まず一番始めにはっきりと気付くのが、通商連合の連中の話し方です。彼らが話す基準語は文法的には正しいのですが、発音にはかなり訛りが目立ちます。基準語、というかアメリカ英語とは違って母音も子音も非常にはっきりと発音していますので、日本人にはかえって聞き取りやすくなっています。このことからすると、基準語はニモーディアン本来の母語ではなく、彼らにとっては外国語であると思われます。発音の癖は抜けませんが、文法的には正しいので彼らの教育レベルは高いものと思われます。一部では日本人の話す英語が元になっているという話もあるようですが、必ずしもそうとは言えません。ヨーロッパ人やインド人、その他の民族でもあのような発音をします。日本人英語かどうかの判断は、l音とr音がきちんと発音し分けられているかというところにあると思いますが、残念ながら私も日本人なのでよくわかりません。

次に目立つのが、モス・エスパの商魂たくましきガラクタ商のワトーです。ハット宙域の土地柄ゆえか、普段はハット語を話していますが、お客が基準語を話すとわかれば即座に基準語に切り替えて商談を始めます。ただし、彼の話す基準語は発音、文法とも多少怪しげなところがあります。これは学校や文法書で勉強して覚えたのではなく、実生活の経験を通じて体で習い覚えたことによるものでしょう。つまり、共和国圏内からやってくる柄の悪い犯罪者やパイロット連中の話す、あまり上品とは言えない話し方がお手本になっているものと思われます。また、口癖というほどではありませんが、文末に I think(〜と私は思う)をよく付けて話します。

WATTO: The boy tells me you wanta sponsor him inda race.
(wanta = want to, inda = in the。どちらも口語。)
(レースでおメエさんがこいつのスポンサーになるって、小僧が言っとるぞ。)[TPM]

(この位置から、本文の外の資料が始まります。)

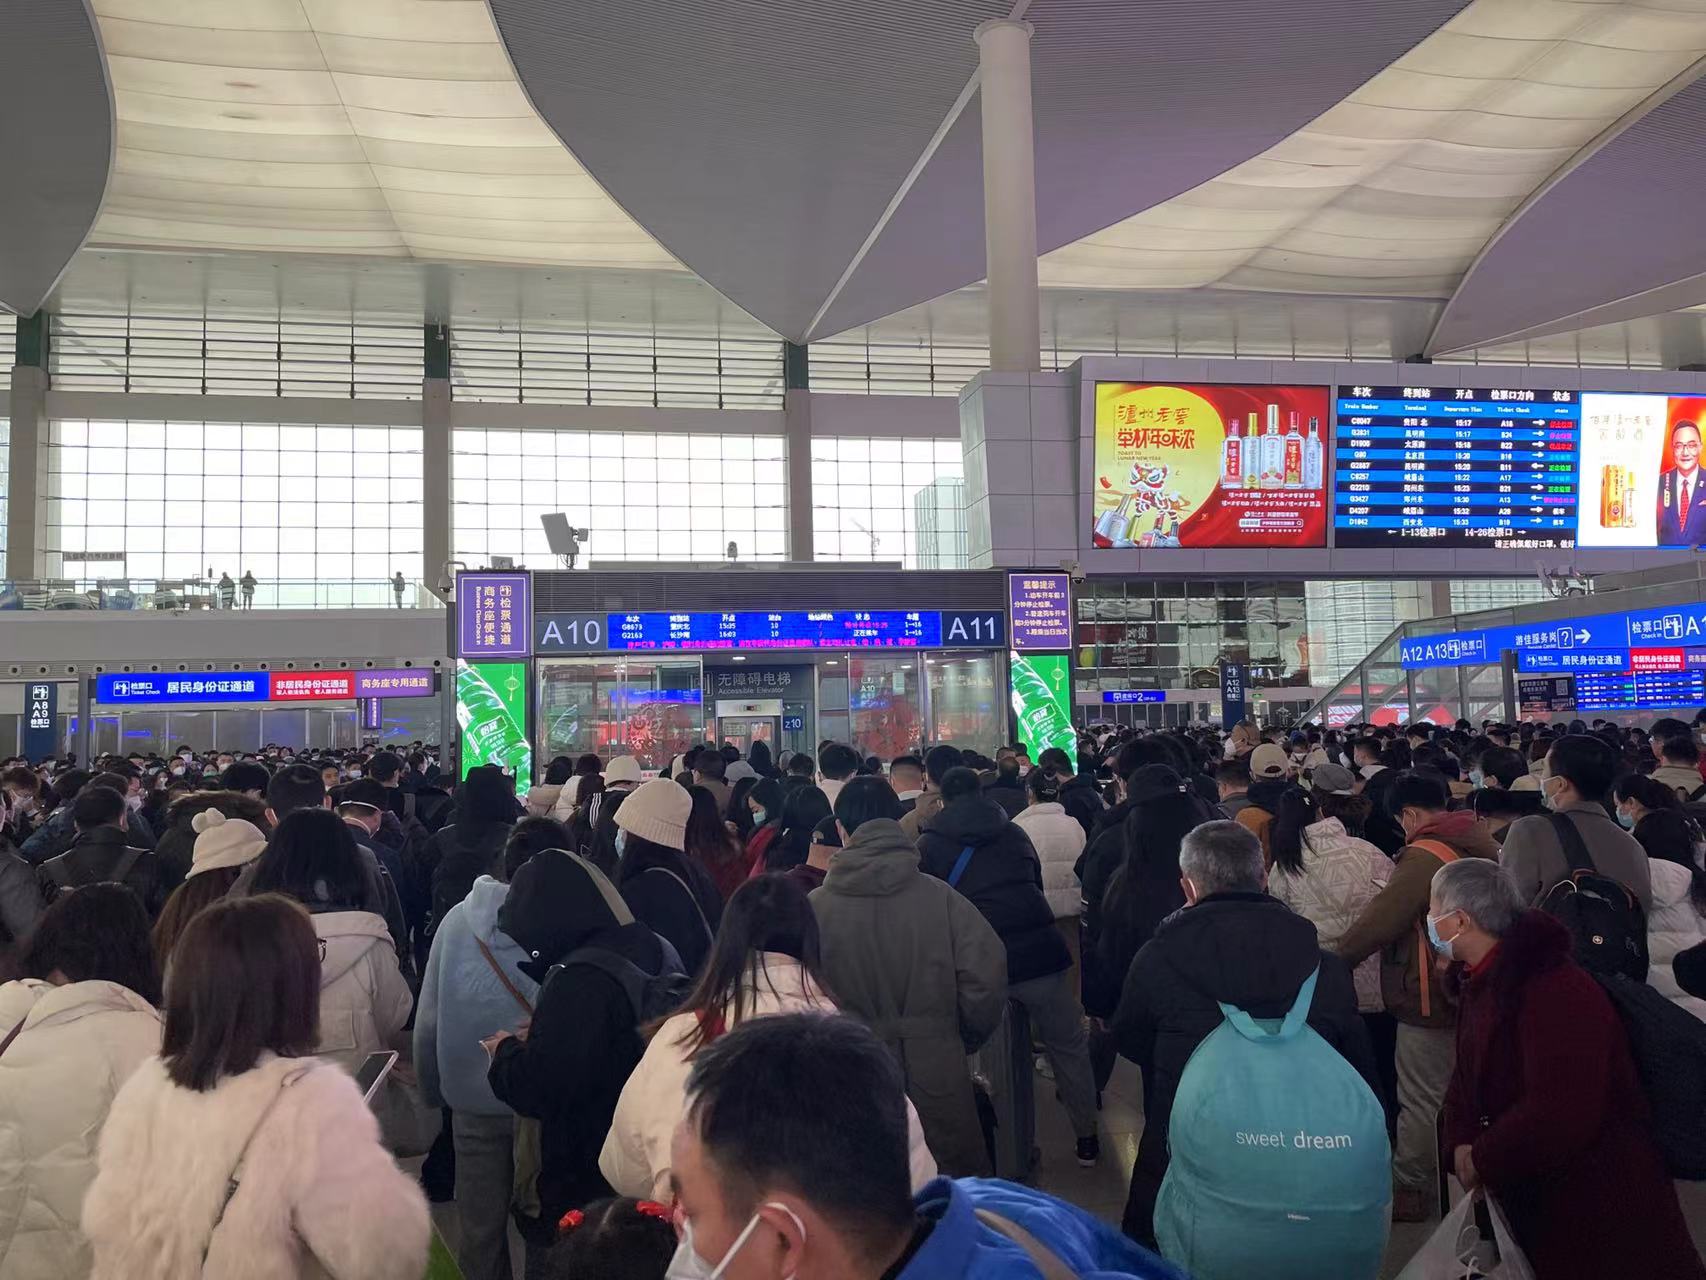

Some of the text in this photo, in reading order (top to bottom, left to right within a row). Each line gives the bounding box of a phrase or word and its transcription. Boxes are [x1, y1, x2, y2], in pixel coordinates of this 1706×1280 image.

[1352, 387, 1570, 401] 车次 终到站 开点 检票口方向 状态
[484, 586, 495, 646] 商务座便捷
[500, 597, 512, 645] 检票通道
[541, 620, 601, 645] A10
[948, 616, 995, 640] A11
[1632, 619, 1662, 634] 检票口
[1402, 640, 1483, 663] A12 A13 检票口
[1562, 655, 1622, 666] 居民身份证通道
[167, 678, 429, 695] 居民身份证通道 非居民身份证通道 商务座专用通道
[718, 672, 792, 687] 无障碍电梯
[33, 701, 48, 710] A8
[33, 710, 48, 718] A9
[1236, 1131, 1352, 1150] sweet dream

WATTO: It would be cheaper, I think...
(その方が安かろうぜ、うんそうだ。)

WATTO: We split the winnings fifty-fifty, I think.
(賞金は山分けだ、うんそうだ。)

そして、忘れてならないのが偉大なるジェダイ・マスター・ヨーダです。実はこの人の話し方にも独特の癖があります。語順が通常の基準語と違うのです。基準語、というか英語は割と語順にうるさい言語で、「主語−動詞−目的語」の順番を変えると相手に理解してもらえないということがよく言われます。しかし、なんとヨーダはこの語順を無視して話しているのです。これはおそらく、古めかしい古典的な雰囲気を出して、仙人のような印象を持たせようとする演出であると思われます。ヨーダは英文法の規則をも超越しているのです。アメリカの観客たちは使われている単語とその場の状況からなんとか意味を把握しているのでしょうが、言葉を聞いてから理解するのに多少の時間的ギャップが生じるところが、ヨーダの神秘性を高めるのに一役買っているのでしょうか。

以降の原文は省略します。